WHAT THE TASK REQUIRES:
Would you please copy only the lines from the line that contains "Some of the words" to the end of the data below, exactly, leaving every picture out?

RECORDS SUPPLIED:
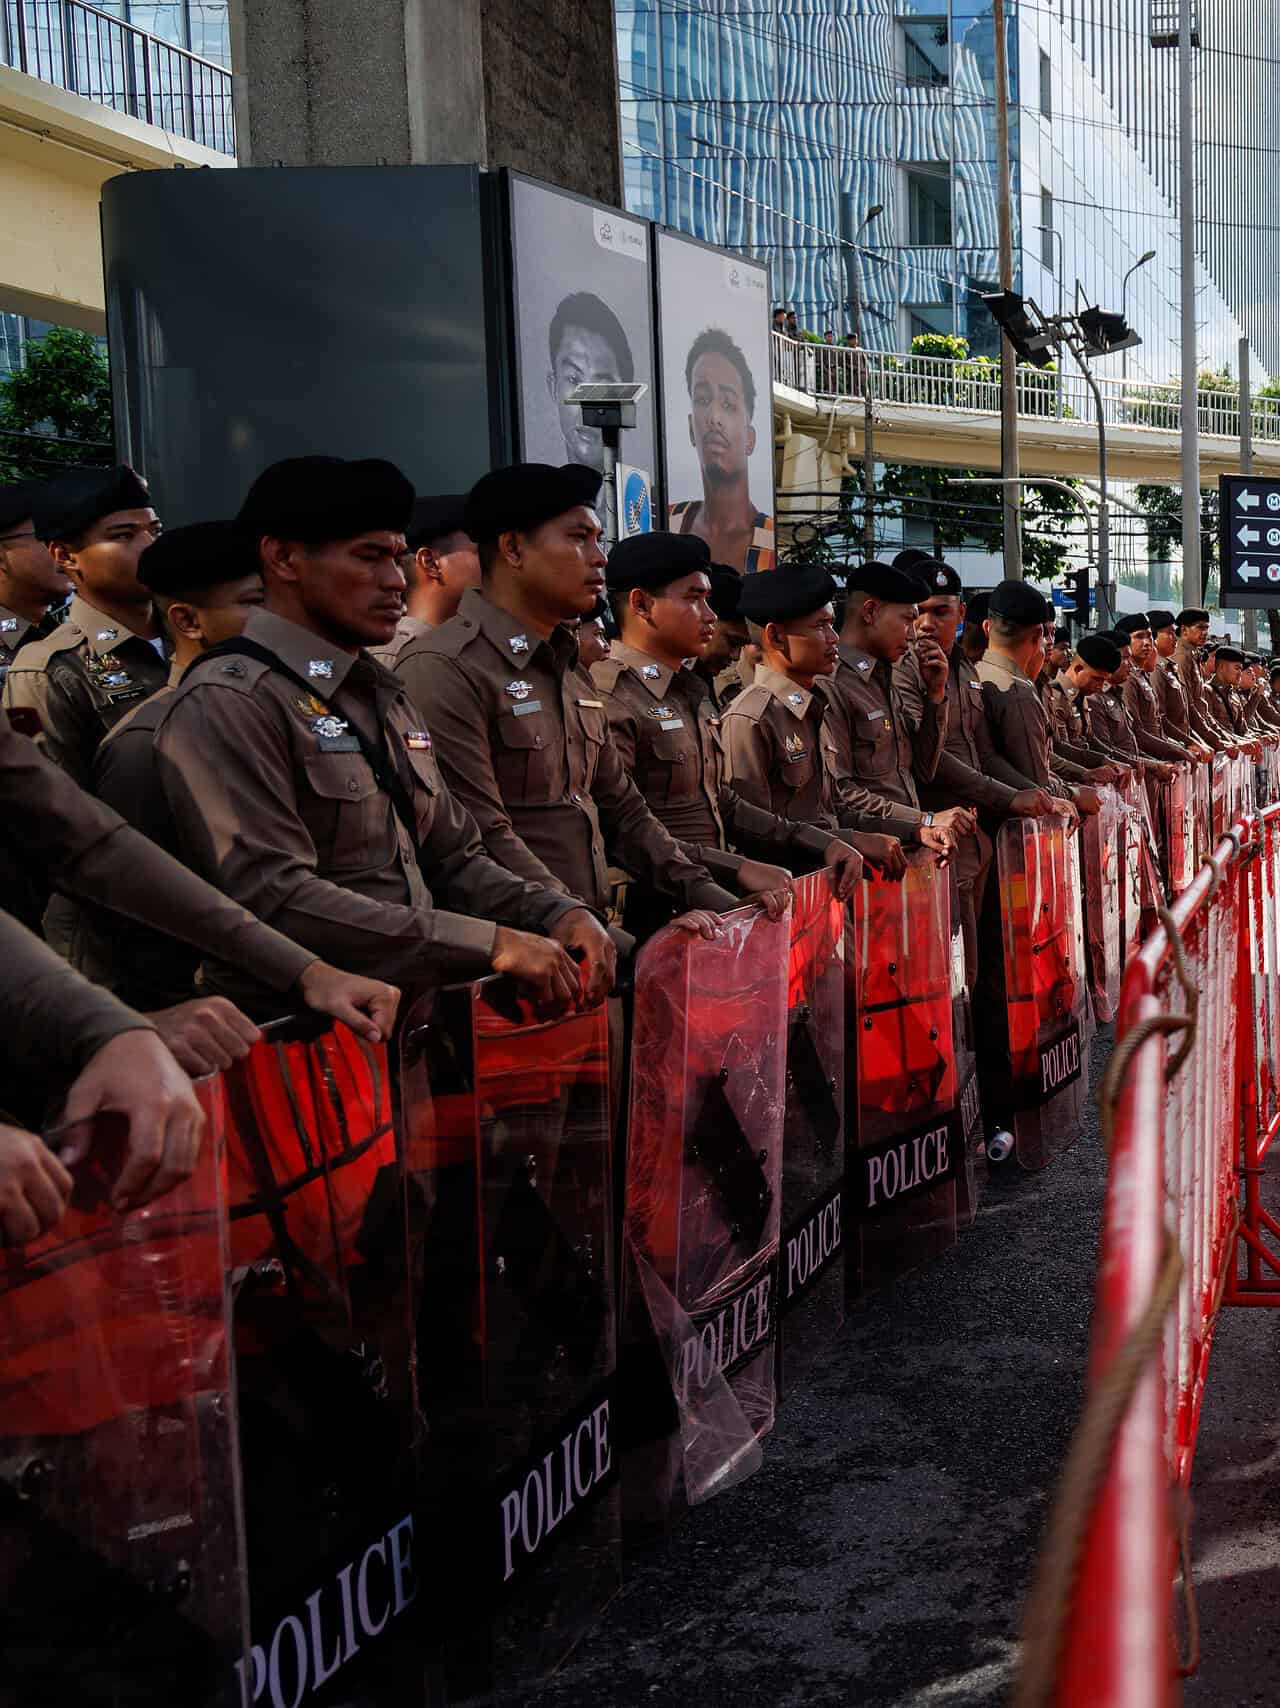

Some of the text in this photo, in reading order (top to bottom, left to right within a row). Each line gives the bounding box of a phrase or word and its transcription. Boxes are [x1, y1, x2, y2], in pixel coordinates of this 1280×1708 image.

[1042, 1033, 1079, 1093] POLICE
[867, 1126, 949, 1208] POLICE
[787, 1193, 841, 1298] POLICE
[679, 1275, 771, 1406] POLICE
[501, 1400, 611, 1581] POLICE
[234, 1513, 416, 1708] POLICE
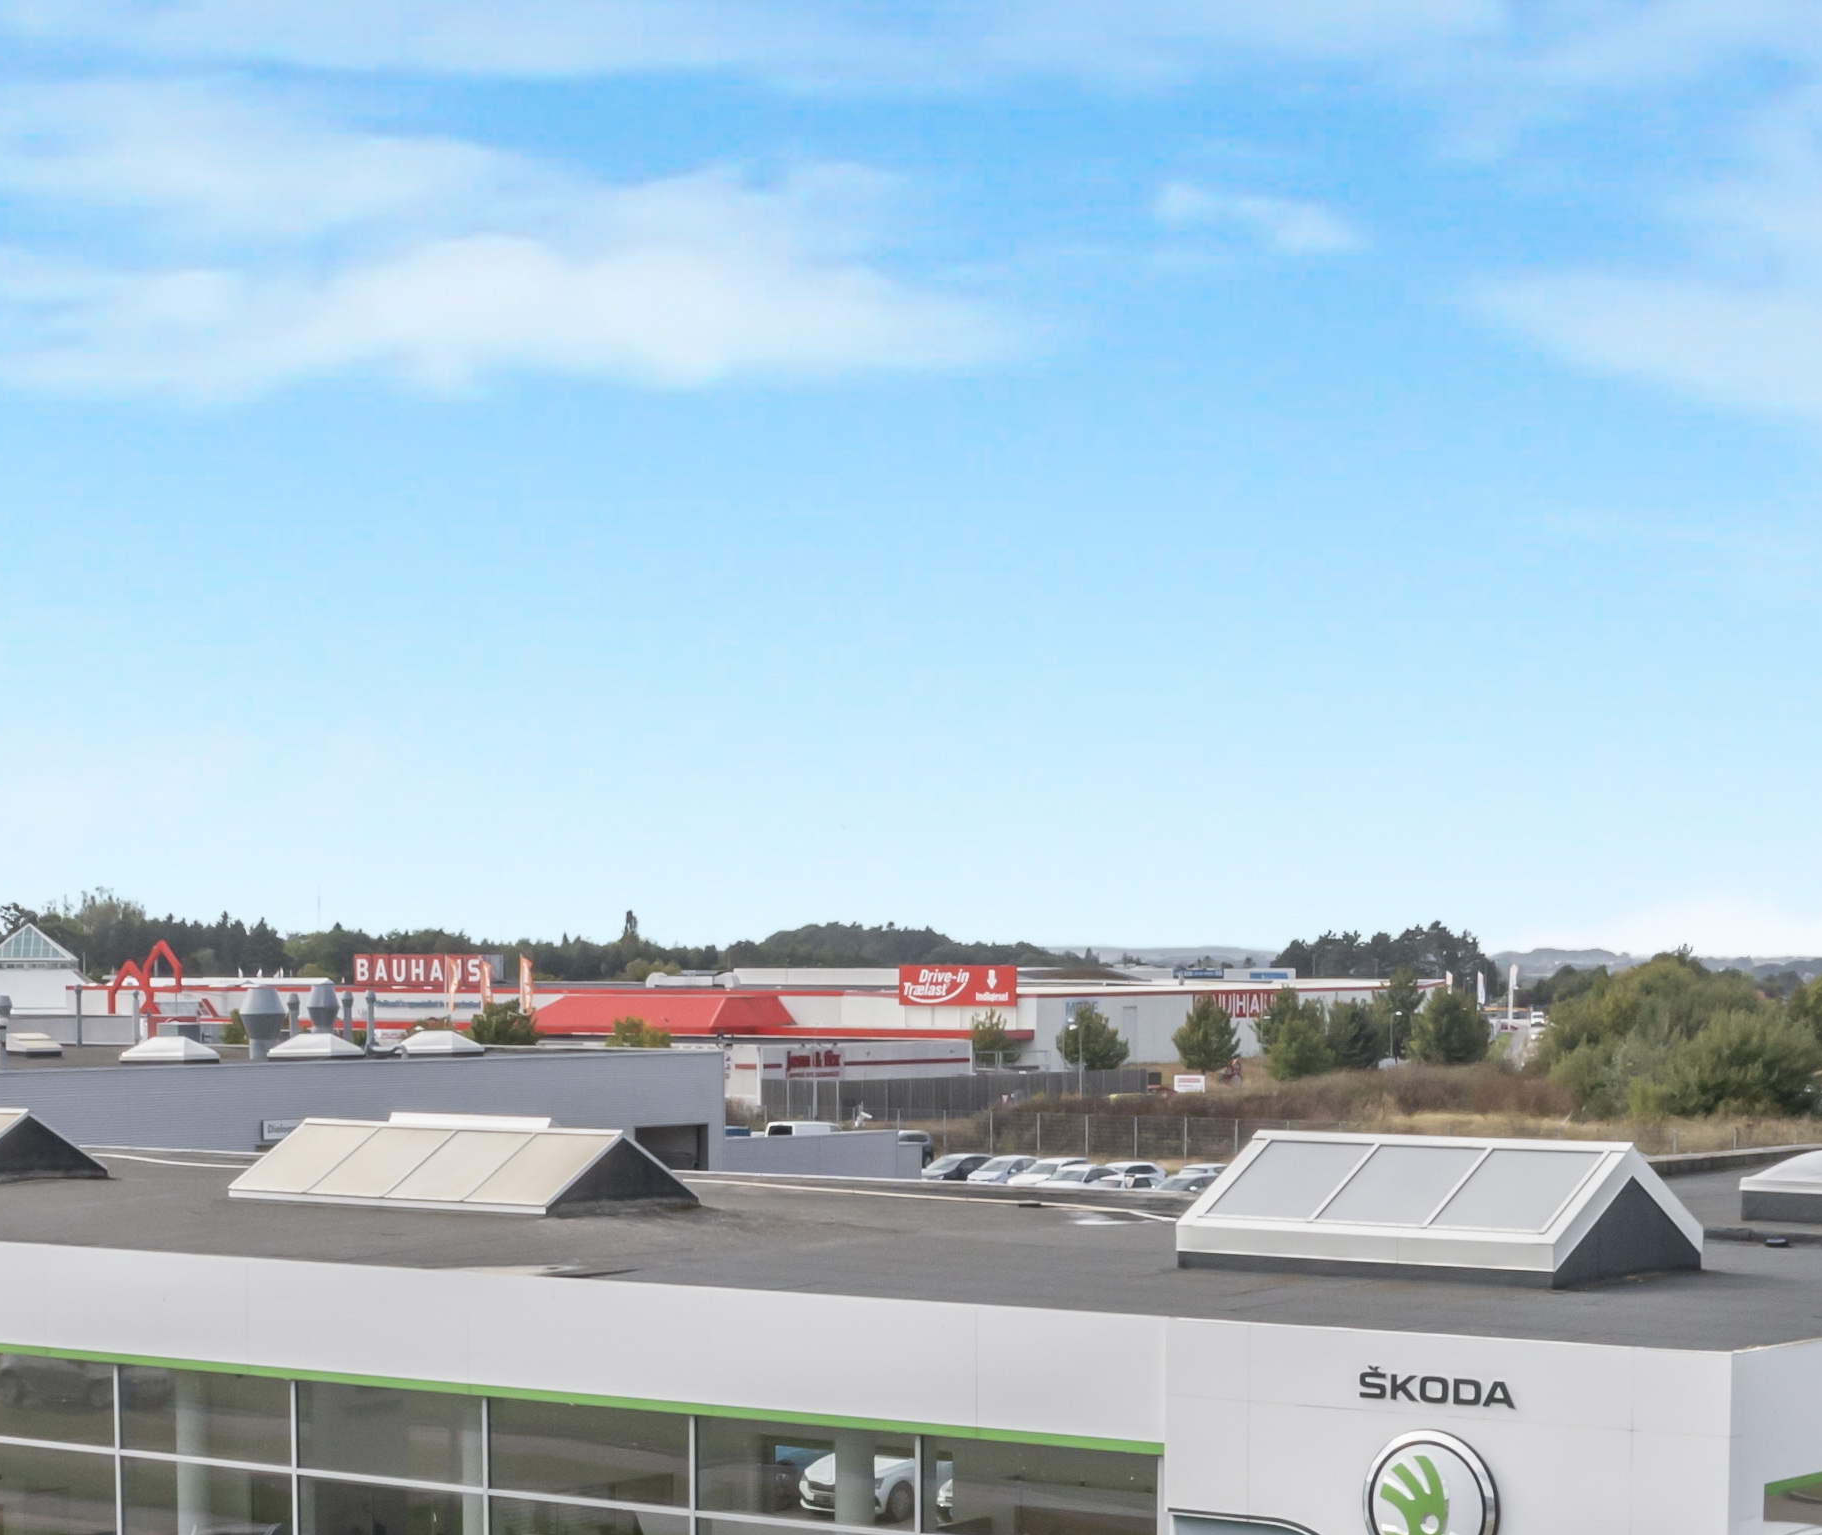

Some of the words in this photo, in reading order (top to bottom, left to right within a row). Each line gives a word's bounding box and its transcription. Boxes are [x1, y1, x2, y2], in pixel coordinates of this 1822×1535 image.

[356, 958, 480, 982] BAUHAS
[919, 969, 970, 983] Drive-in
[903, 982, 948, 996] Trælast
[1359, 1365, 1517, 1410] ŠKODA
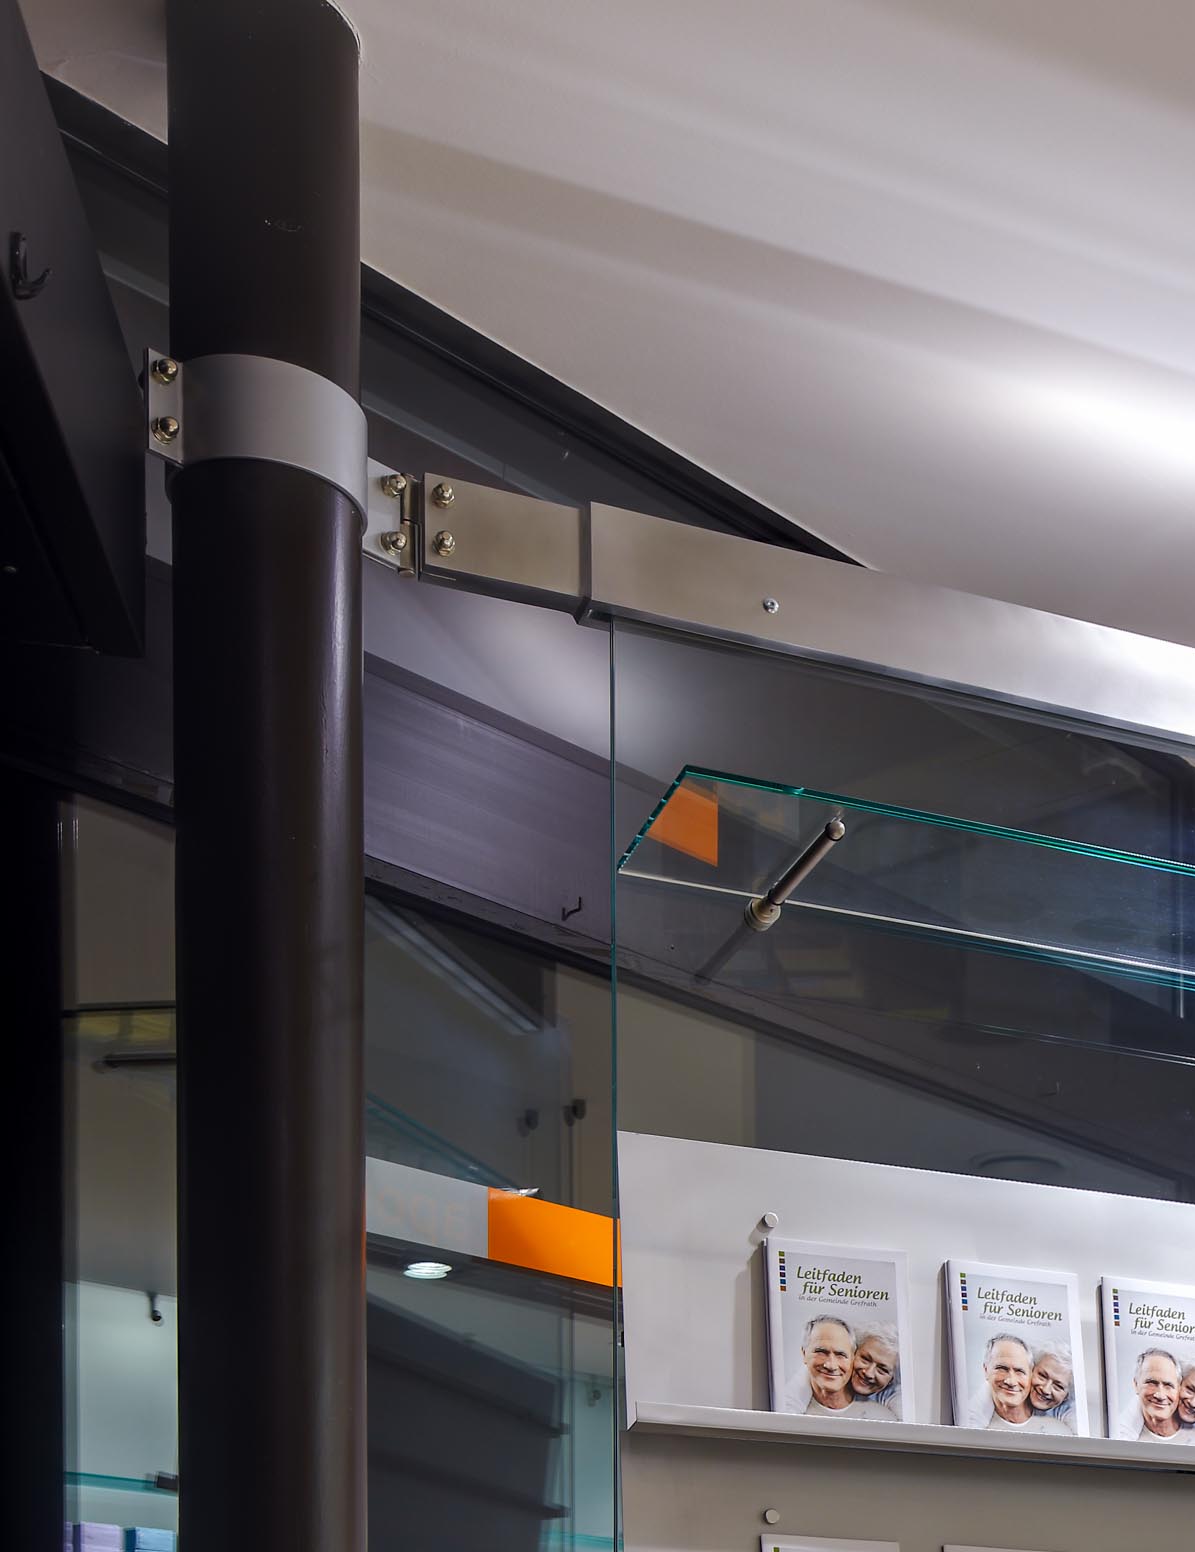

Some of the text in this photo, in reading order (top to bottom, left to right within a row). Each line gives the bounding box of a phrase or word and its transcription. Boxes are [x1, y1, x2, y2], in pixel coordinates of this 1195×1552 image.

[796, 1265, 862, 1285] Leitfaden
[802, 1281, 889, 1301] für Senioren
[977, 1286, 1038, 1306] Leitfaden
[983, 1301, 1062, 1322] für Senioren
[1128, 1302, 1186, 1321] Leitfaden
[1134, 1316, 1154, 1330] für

WRITTEN ANSWER:
Some of the words in this photo, in reading order (top to bottom, left to right within a row). Each line gives a word's bounding box and its transcription. Boxes are [x1, y1, x2, y2], in pixel coordinates of this 1822×1535 image.

[356, 958, 480, 982] BAUHAS
[919, 969, 970, 983] Drive-in
[903, 982, 948, 996] Trælast
[1359, 1365, 1517, 1410] ŠKODA

Some of the text in this photo, in reading order (top to bottom, left to right within a row). Each line gives the bounding box of a phrase or word and its transcription. Boxes are [x1, y1, x2, y2], in pixel coordinates of this 1195×1552 image.

[796, 1265, 862, 1285] Leitfaden
[802, 1281, 889, 1301] für Senioren
[977, 1286, 1038, 1306] Leitfaden
[983, 1301, 1062, 1322] für Senioren
[1128, 1302, 1186, 1321] Leitfaden
[1134, 1316, 1154, 1330] für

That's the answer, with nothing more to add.